━━━━━ EXERCISE DATA

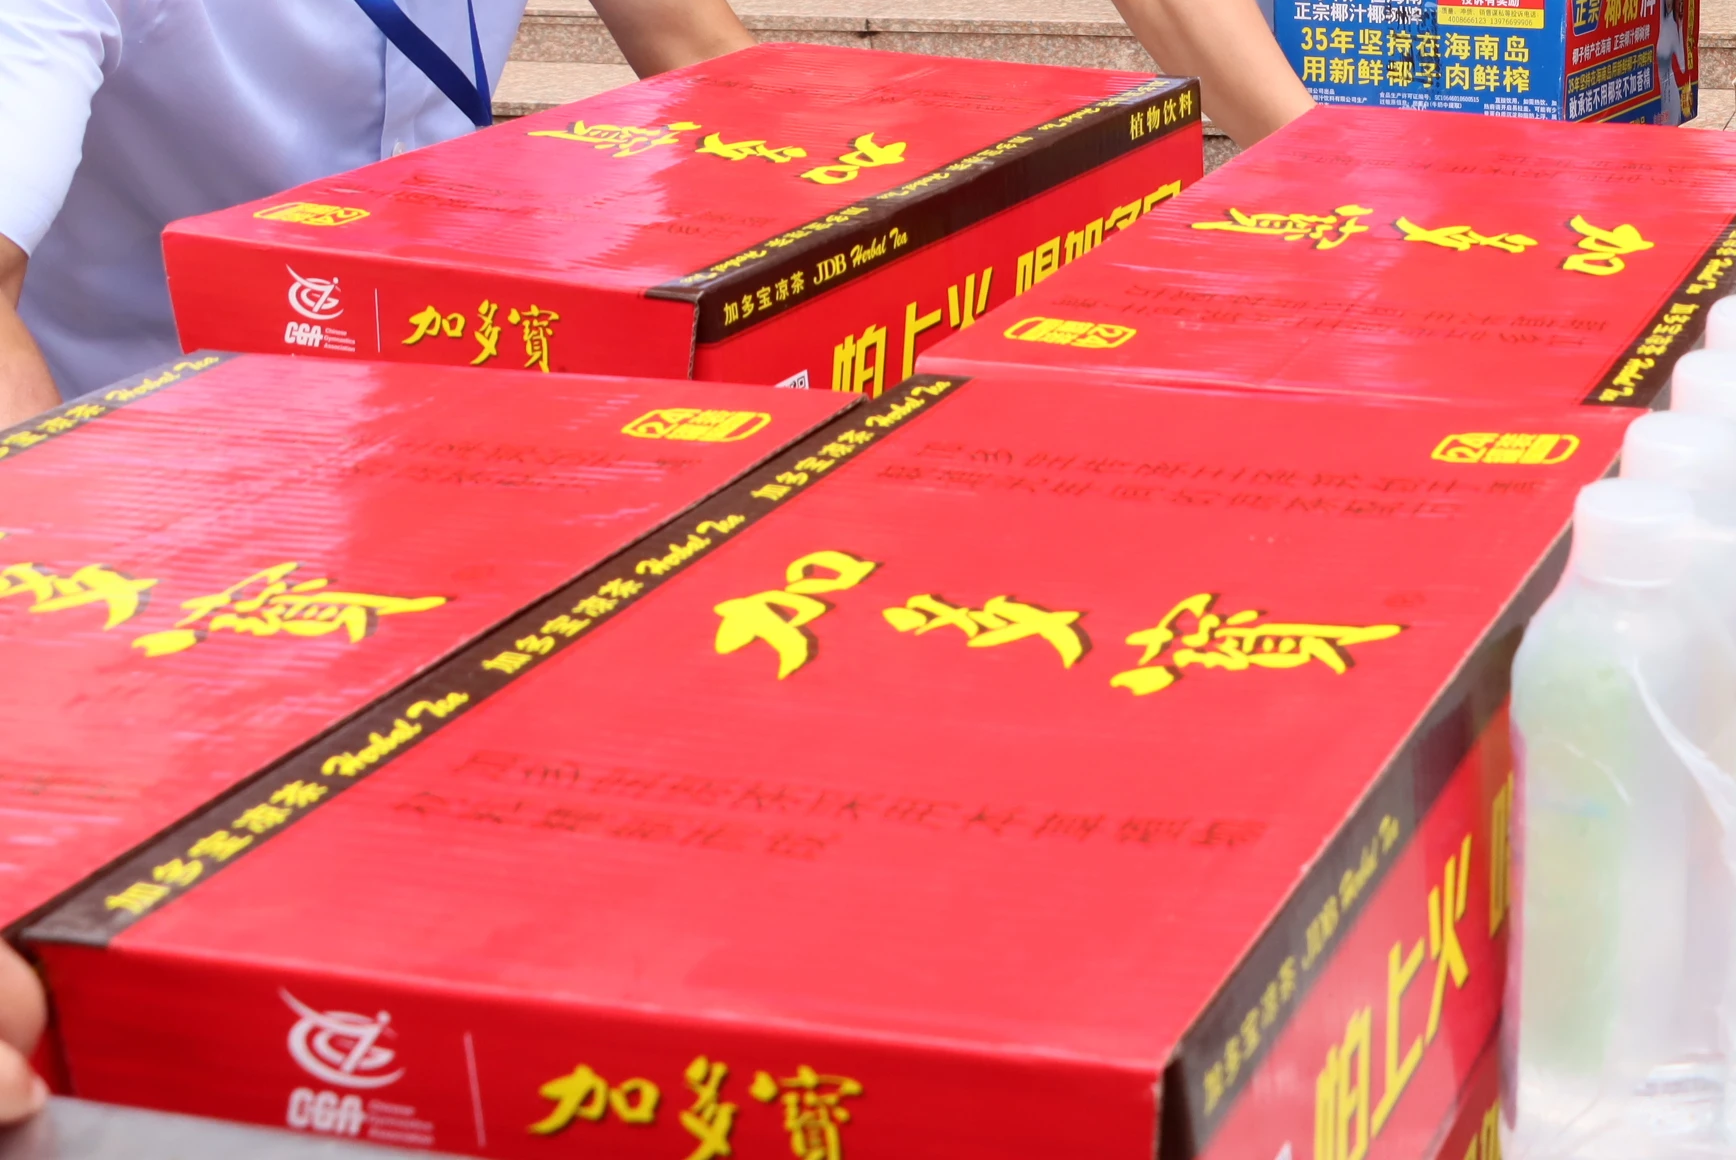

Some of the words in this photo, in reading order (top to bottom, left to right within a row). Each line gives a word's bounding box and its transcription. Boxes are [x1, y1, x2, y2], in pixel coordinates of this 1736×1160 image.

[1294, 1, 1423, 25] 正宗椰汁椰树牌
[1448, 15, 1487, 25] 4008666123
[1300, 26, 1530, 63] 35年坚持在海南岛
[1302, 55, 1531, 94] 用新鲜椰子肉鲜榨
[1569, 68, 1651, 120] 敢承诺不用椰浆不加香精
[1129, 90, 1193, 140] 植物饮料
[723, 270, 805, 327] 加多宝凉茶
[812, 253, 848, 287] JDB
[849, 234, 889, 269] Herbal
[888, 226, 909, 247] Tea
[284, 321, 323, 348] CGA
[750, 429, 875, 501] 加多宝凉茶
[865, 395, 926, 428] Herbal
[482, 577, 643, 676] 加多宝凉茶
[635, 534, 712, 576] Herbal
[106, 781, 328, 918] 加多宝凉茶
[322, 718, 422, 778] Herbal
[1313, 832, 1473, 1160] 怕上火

━━━━━━━━━━

### EXERCISE PROMPT
Each entry should come back exactly as written, with its pictures omitted.

### TASK OUTPUT
Some of the words in this photo, in reading order (top to bottom, left to right within a row). Each line gives a word's bounding box and its transcription. Boxes are [x1, y1, x2, y2], in pixel coordinates of this 1736×1160 image.

[1294, 1, 1423, 25] 正宗椰汁椰树牌
[1448, 15, 1487, 25] 4008666123
[1300, 26, 1530, 63] 35年坚持在海南岛
[1302, 55, 1531, 94] 用新鲜椰子肉鲜榨
[1569, 68, 1651, 120] 敢承诺不用椰浆不加香精
[1129, 90, 1193, 140] 植物饮料
[723, 270, 805, 327] 加多宝凉茶
[812, 253, 848, 287] JDB
[849, 234, 889, 269] Herbal
[888, 226, 909, 247] Tea
[284, 321, 323, 348] CGA
[750, 429, 875, 501] 加多宝凉茶
[865, 395, 926, 428] Herbal
[482, 577, 643, 676] 加多宝凉茶
[635, 534, 712, 576] Herbal
[106, 781, 328, 918] 加多宝凉茶
[322, 718, 422, 778] Herbal
[1313, 832, 1473, 1160] 怕上火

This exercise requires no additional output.